SEC proposes narrow carve-out to allow low-revenue smaller reporting companies to avoid SOX 404(b) auditor attestation requirement
Those of you who expected the SEC to go big and propose raising the current threshold for status as an “accelerated filer” to be commensurate with the cap for “smaller reporting companies” will be sorely disappointed. Nevertheless, the SEC did address the big elephant in the room—SOX 404(b)—with a narrowly tailored exception.
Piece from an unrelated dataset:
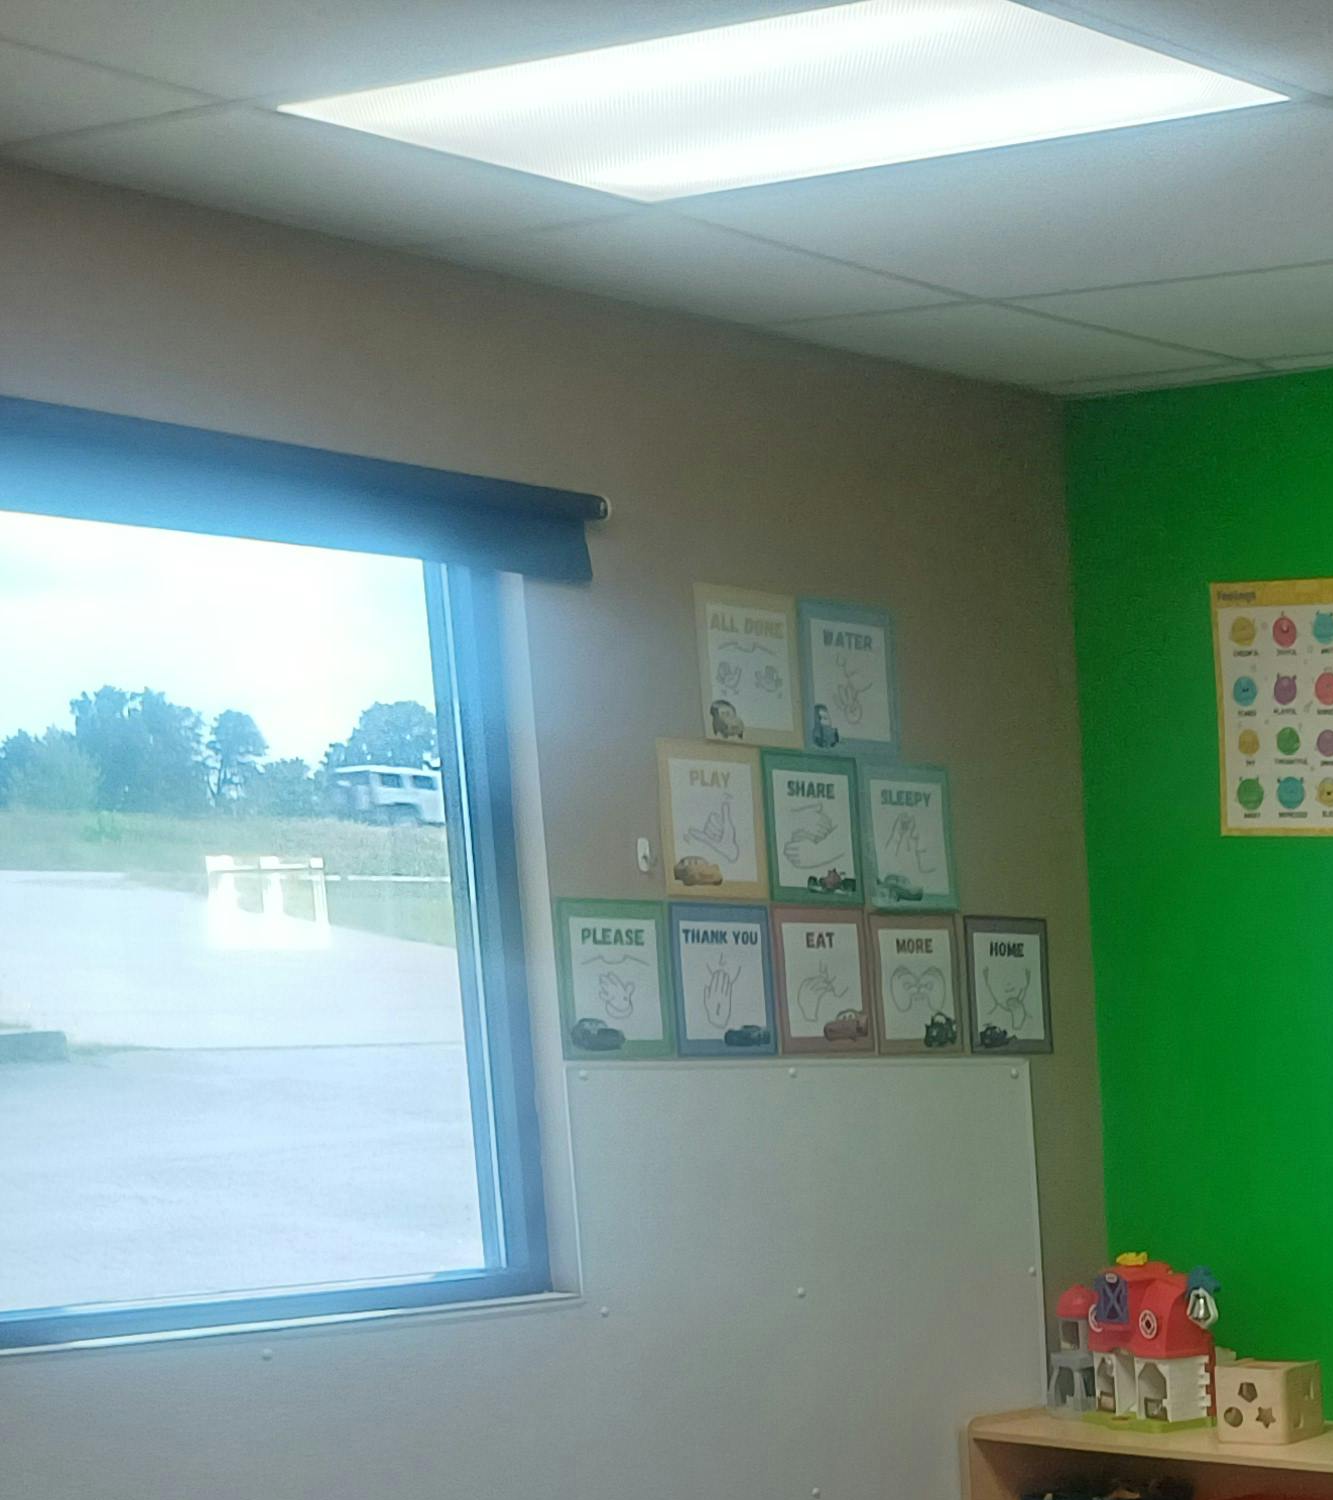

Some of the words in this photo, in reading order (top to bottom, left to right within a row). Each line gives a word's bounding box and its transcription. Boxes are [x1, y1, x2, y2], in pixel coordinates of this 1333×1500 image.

At an open meeting this morning, the SEC voted (by a vote of three to two, with Commissioner Robert Jackson dissenting) to propose amendments to the accelerated filer and large accelerated filer definitions that provide a narrow carve-out from these definitions for companies that qualify as smaller reporting companies and reported less than $100 million in annual revenues in the most recent fiscal year for which audited financial statements were available. As a result, if the proposal were adopted, those companies would no longer need to comply with the shorter timeframes applicable to accelerated filers and large accelerated filers for filing periodic reports. And, most significantly, the proposed revision would mean that those companies qualifying for the carve-out would no longer be subject to the SOX 404(b) auditor attestation requirement, which has been anathema to many deregulation advocates. Notably, companies with a public float between $75 million and $250 million would still be subject to the accelerated filer requirements unless their revenues were under the $100 million revenue cap. The proposal, which has not yet been posted, would also increase from $50 million to $60 million the transition thresholds for accelerated and large accelerated filers to become a non-accelerated filer and increase the threshold for exiting large accelerated filer status from $500 million to $560 million. In addition, the proposal would add a revenue test to the transition thresholds for exiting both accelerated and large accelerated filer status. (Here is the press release.) There is a 60-day comment period. (The proposing release has just now been posted. Check this space for updates.)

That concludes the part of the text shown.